» PROBLEM STATEMENT: Wherever a picture appears, leave it out; set down everything else in the records exactly.

» ENTRIES SUPPLIED:

★ ★ ★ ★

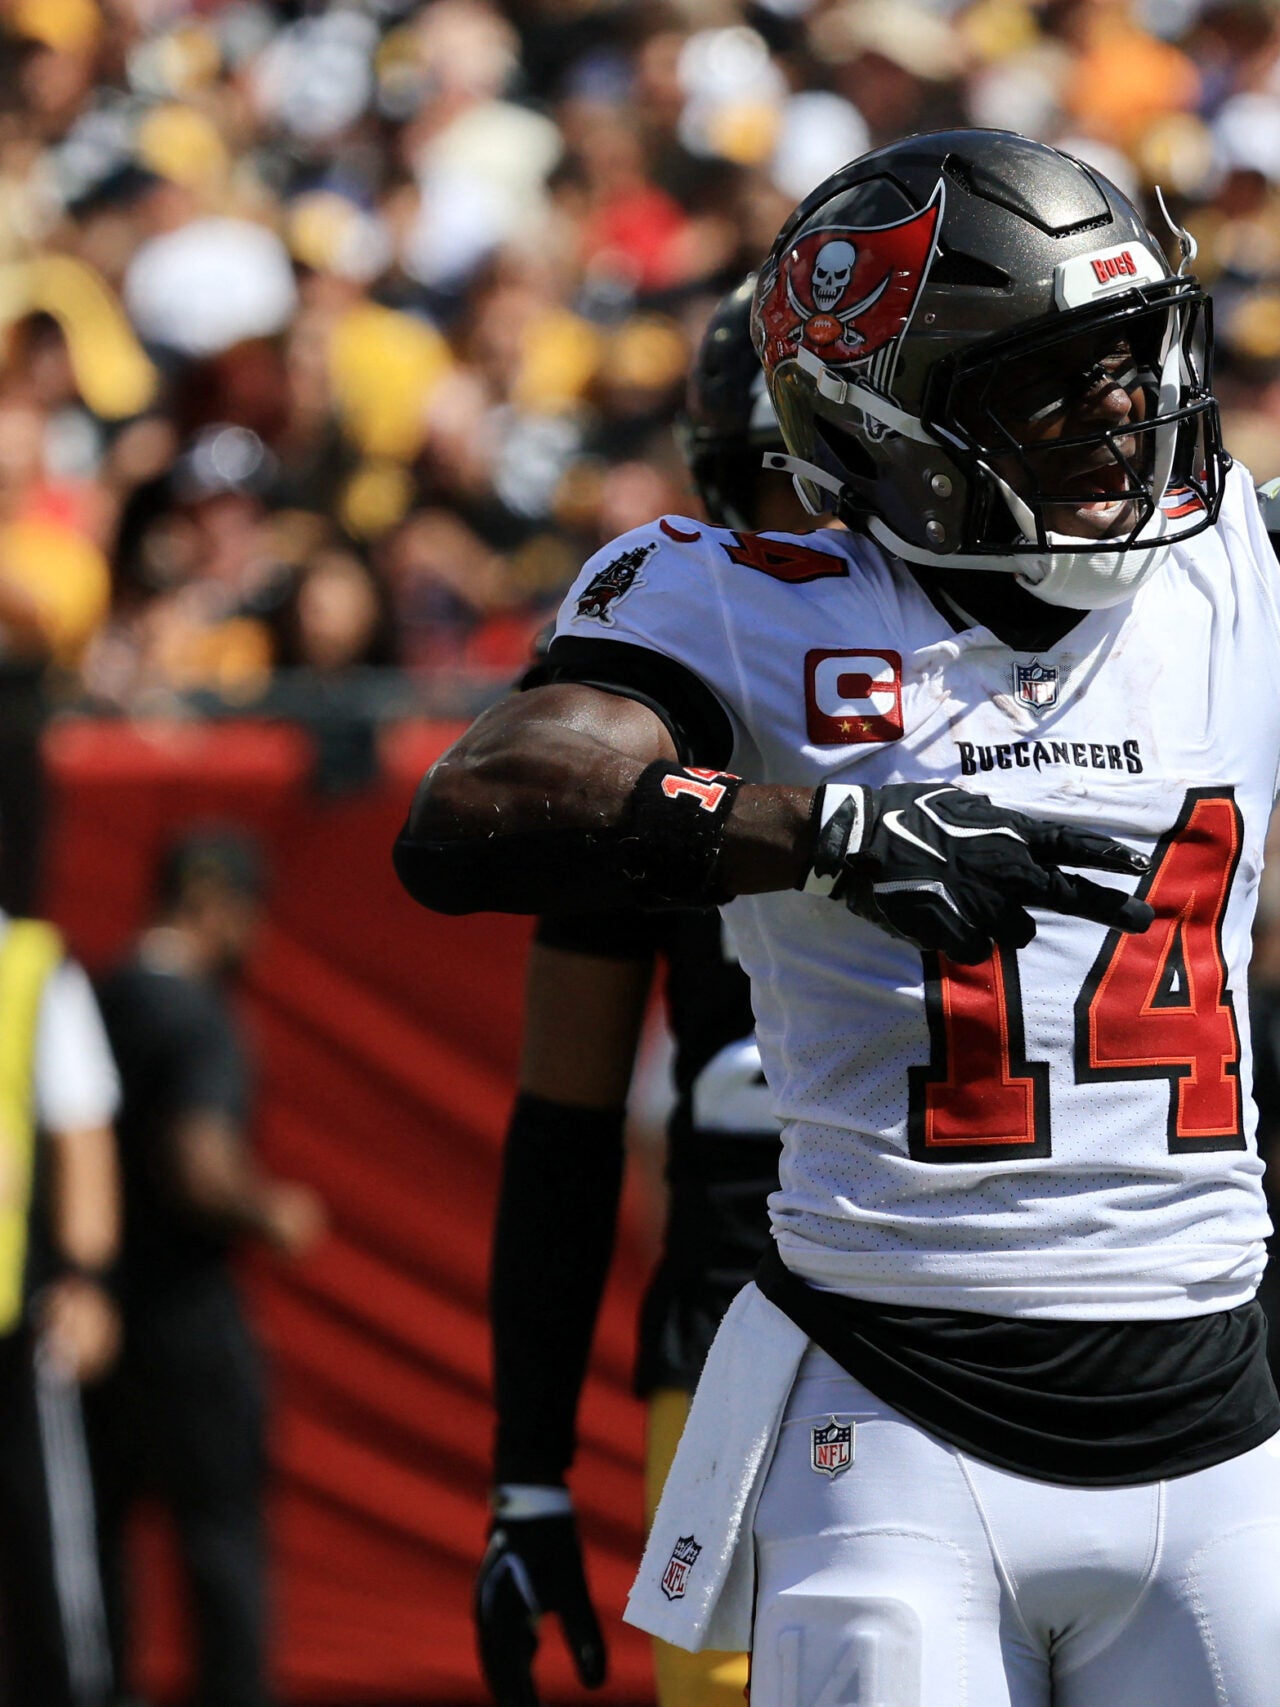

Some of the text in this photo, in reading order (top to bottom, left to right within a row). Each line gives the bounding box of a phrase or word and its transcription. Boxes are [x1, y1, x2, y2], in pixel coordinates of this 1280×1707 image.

[814, 656, 896, 717] C
[1021, 681, 1054, 704] NFL
[955, 739, 1144, 775] BUCCANEERS
[908, 786, 1247, 1162] 14
[817, 1443, 848, 1467] NFL
[663, 1560, 685, 1594] NFL
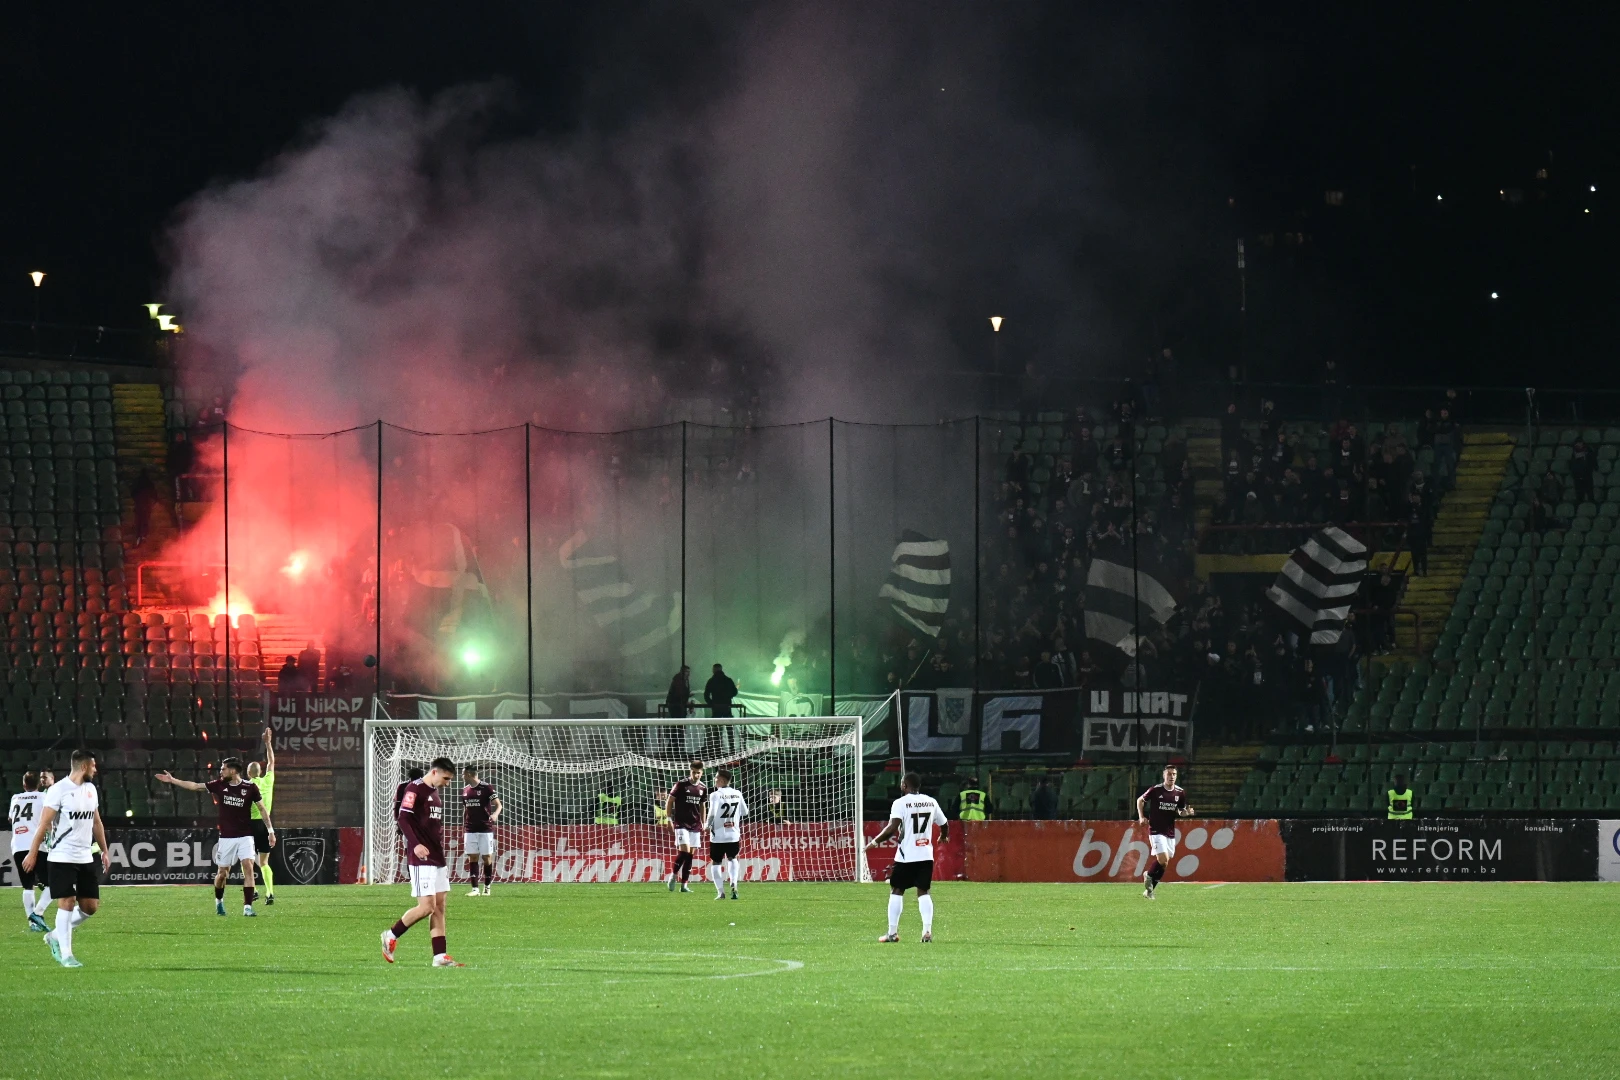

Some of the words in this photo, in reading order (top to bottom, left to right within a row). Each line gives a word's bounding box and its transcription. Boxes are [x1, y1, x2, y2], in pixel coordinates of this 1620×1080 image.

★ ★ ★ ★

» EXERCISE ANSWER:
Some of the text in this photo, in reading order (top to bottom, left to right within a row). Each line gives the bounding box of a phrase or word and its transcription. Boxes are [x1, y1, x2, y2], in pixel coordinates of this 1280×1707 image.

[814, 656, 896, 717] C
[1021, 681, 1054, 704] NFL
[955, 739, 1144, 775] BUCCANEERS
[908, 786, 1247, 1162] 14
[817, 1443, 848, 1467] NFL
[663, 1560, 685, 1594] NFL

Some of the words in this photo, in reading order (top to bottom, left to right within a row). Each line gives a word's bounding box and its transcription. Boxes are [x1, y1, x2, y2], in pixel coordinates of this 1620×1080 image.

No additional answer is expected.